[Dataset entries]
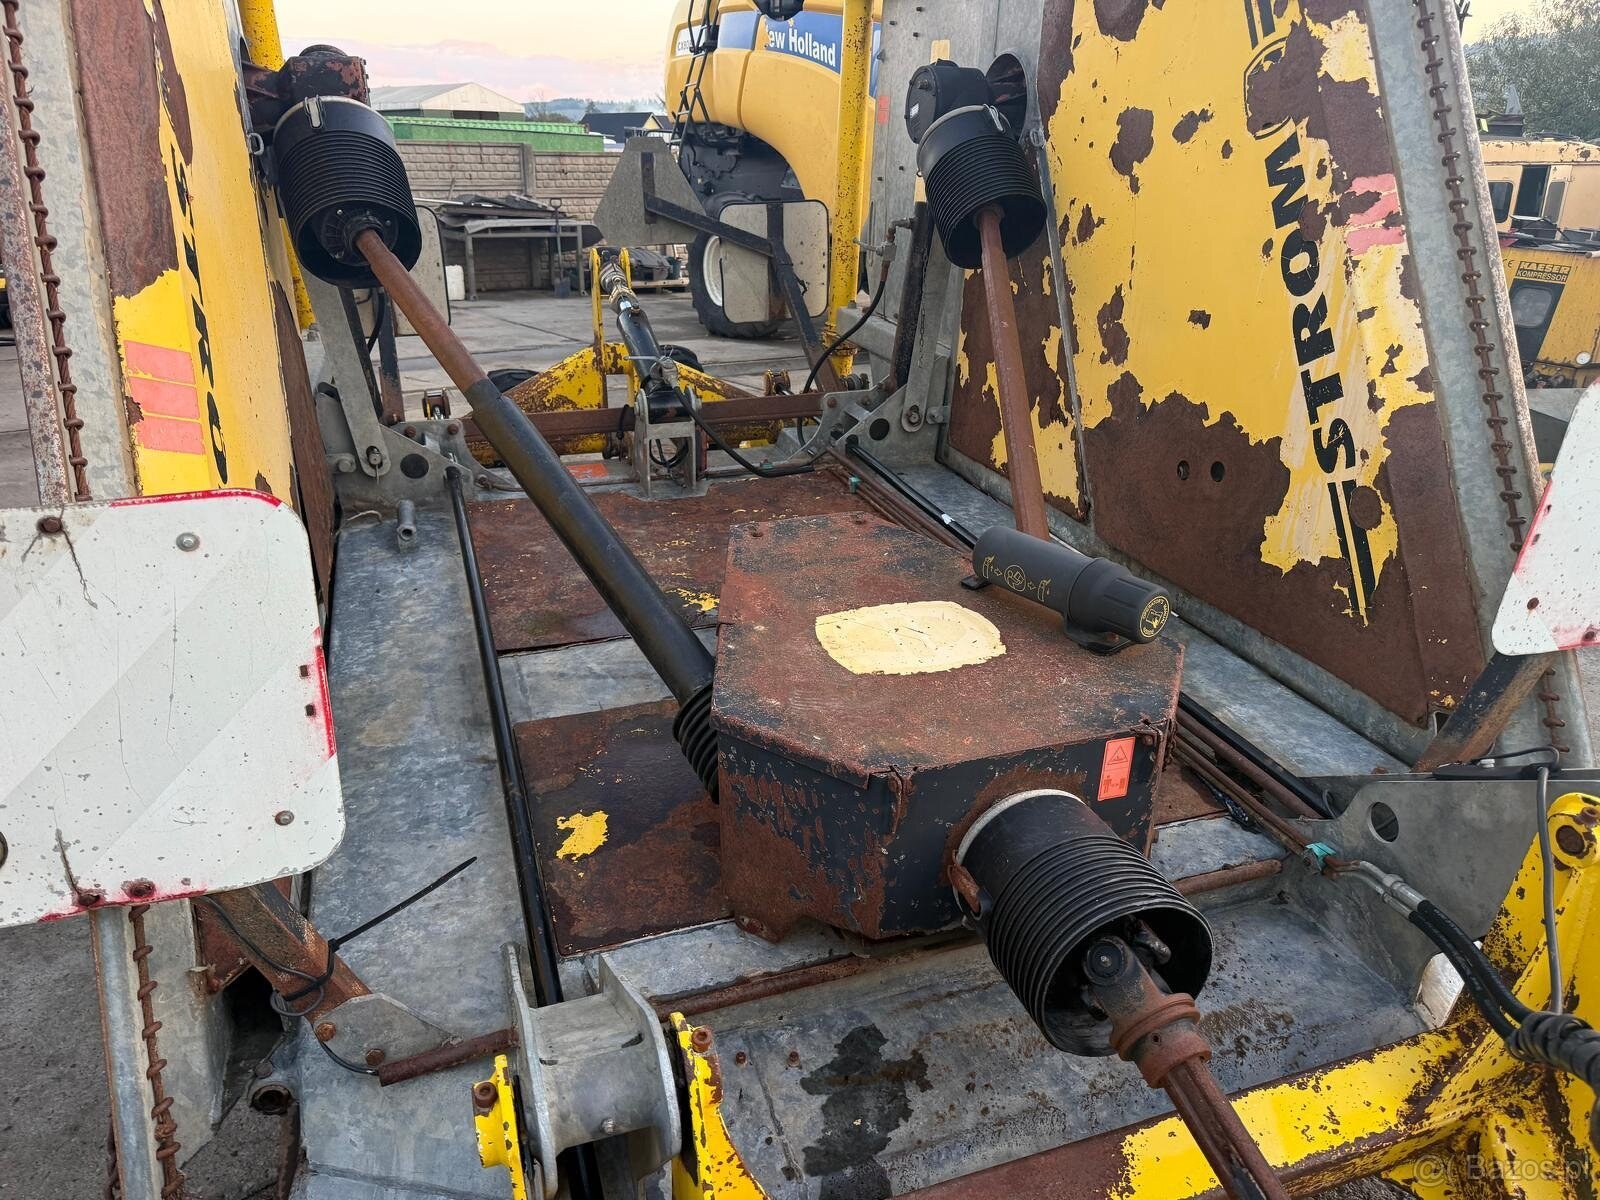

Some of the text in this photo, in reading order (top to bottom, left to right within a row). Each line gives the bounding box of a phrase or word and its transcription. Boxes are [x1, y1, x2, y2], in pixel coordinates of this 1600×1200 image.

[767, 28, 836, 67] ew Holland
[1516, 269, 1568, 282] KOMPRESSOR
[1520, 261, 1571, 274] KAESER
[171, 143, 228, 487] STRO
[1264, 132, 1356, 476] STROM

**What to produce:**
Could you please write out the entries exactly as they are, with every picture left out?

**Finished exercise:**
Some of the text in this photo, in reading order (top to bottom, left to right within a row). Each line gives the bounding box of a phrase or word and its transcription. Boxes are [x1, y1, x2, y2], in pixel coordinates of this 1600×1200 image.

[767, 28, 836, 67] ew Holland
[1516, 269, 1568, 282] KOMPRESSOR
[1520, 261, 1571, 274] KAESER
[171, 143, 228, 487] STRO
[1264, 132, 1356, 476] STROM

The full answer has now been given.